At present, over 26,500 people in the UK have declared bankruptcy or arranged an during April – June of this year. This is an increase of 4.2 per cent in comparison to the figures for the same period in 2007.

Uswitch have estimated that the number of people who take out an IVA between now and December 2008 will have soared to over 342,000.

Typical household debt in the UK is currently ascending by £13 per day with 12 people every hour entering bankruptcy or an IVA. This is largely due to variable rate mortgages increasing by over 65% in the past five years.
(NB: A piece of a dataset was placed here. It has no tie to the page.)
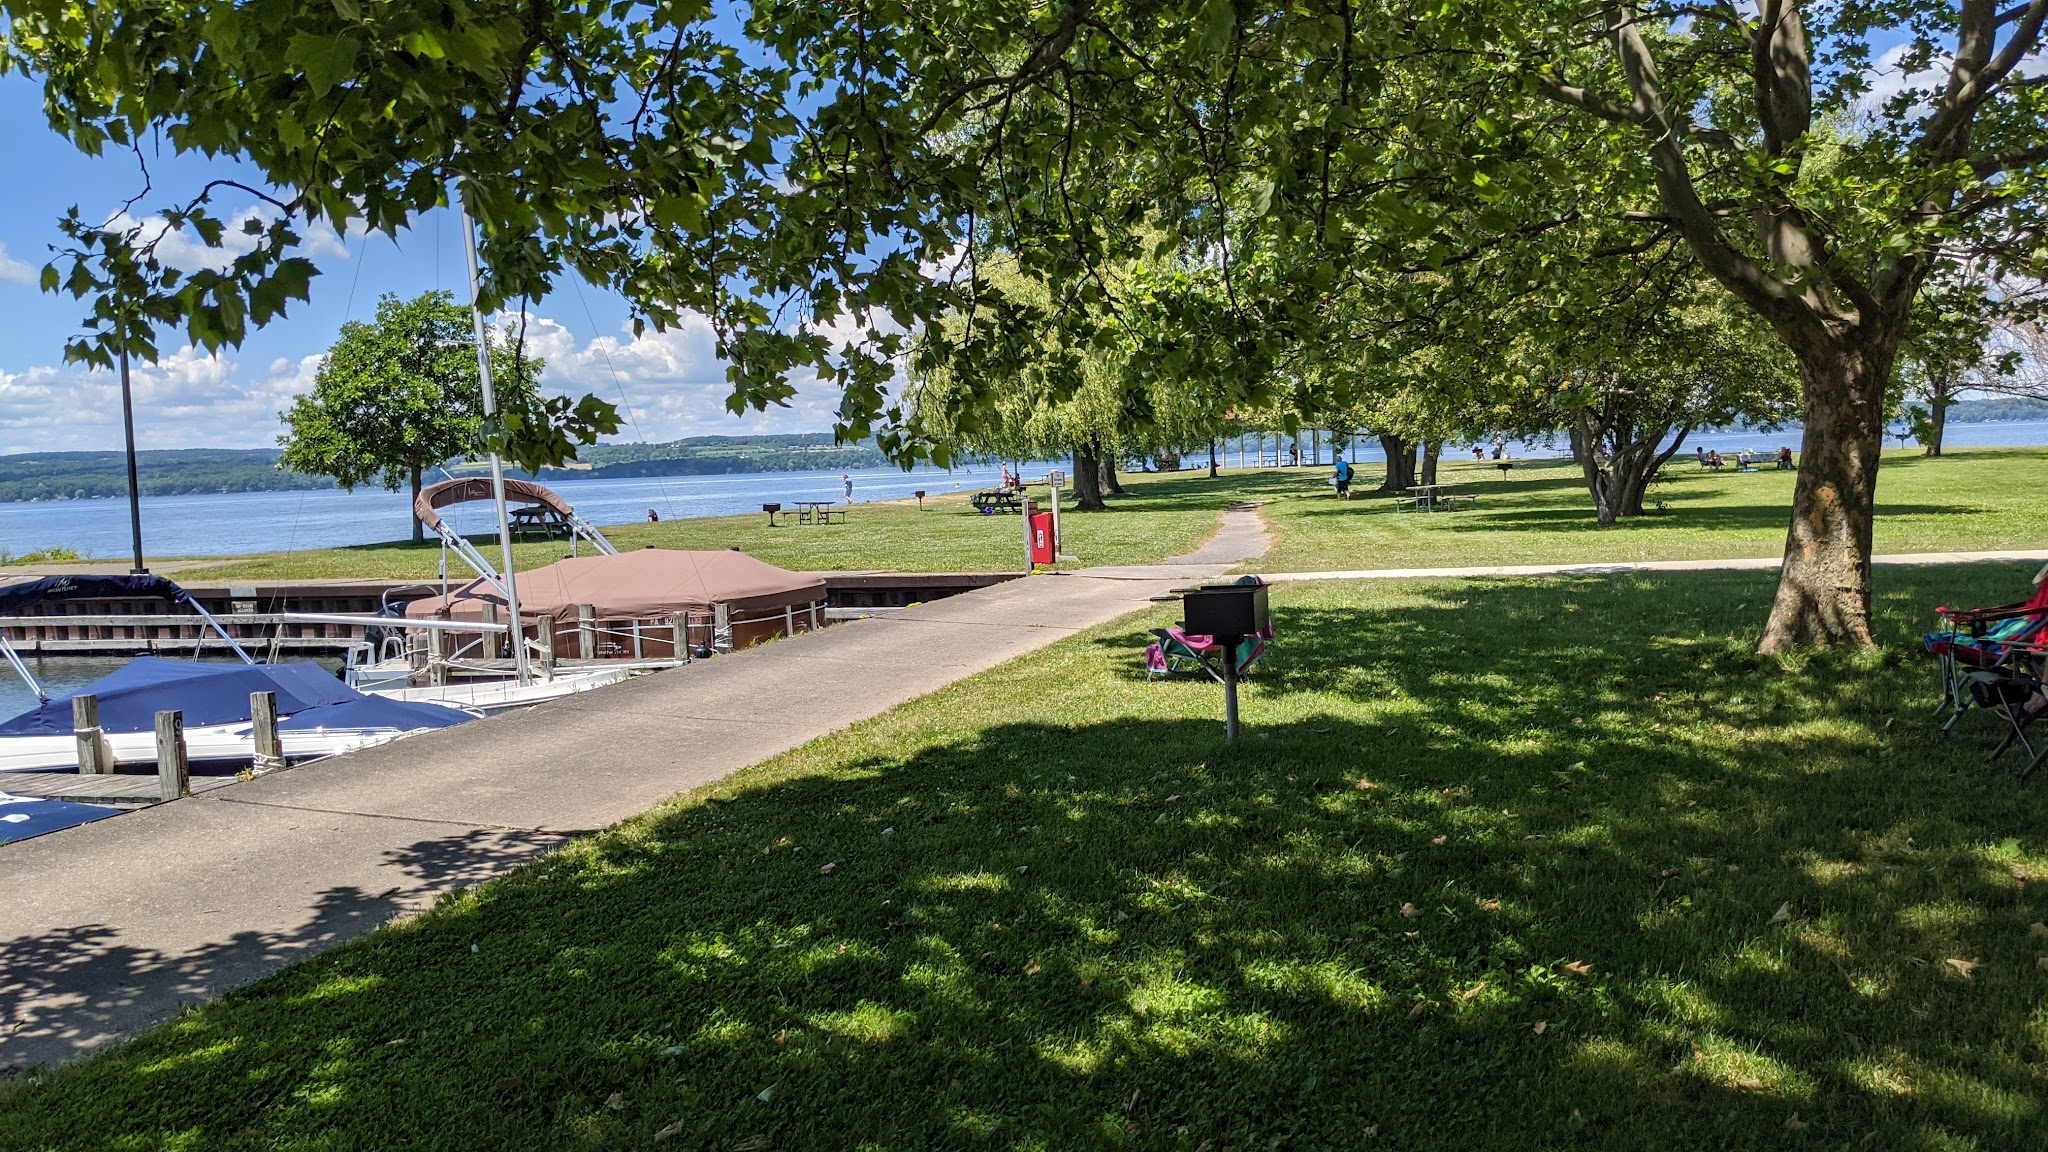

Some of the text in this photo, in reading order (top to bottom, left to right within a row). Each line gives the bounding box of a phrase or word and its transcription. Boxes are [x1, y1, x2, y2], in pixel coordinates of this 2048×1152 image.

[47, 585, 79, 593] MONTEREY
[650, 618, 659, 626] PA
[175, 718, 182, 736] 9
As consumers consistently borrow, more and more will be seeking debt help especially when the Bank of England base rate rises yet again before the end of the year.
Increasing household debt forcing people to look at their finances
The latest rate increases have caused over 7 million women to take a serious look at their finances. 23% of females are concerned by the amount of debt that they have accumulated but are making matters worse by shuffling credit to cope with accumulating interest..

On the other side of the coin, over 65% of women have either reduced the amount of debt that they owe or have not added to the amount outstanding.

Women prefer to borrow from safer lenders such as friends and family rather than a traditional loan or overdraft, which means that they have less interest to pay back. In contrast, the male pride will not allow guys to accept token gestures from their nearest and dearest and prefer the more conventional route of borrowing.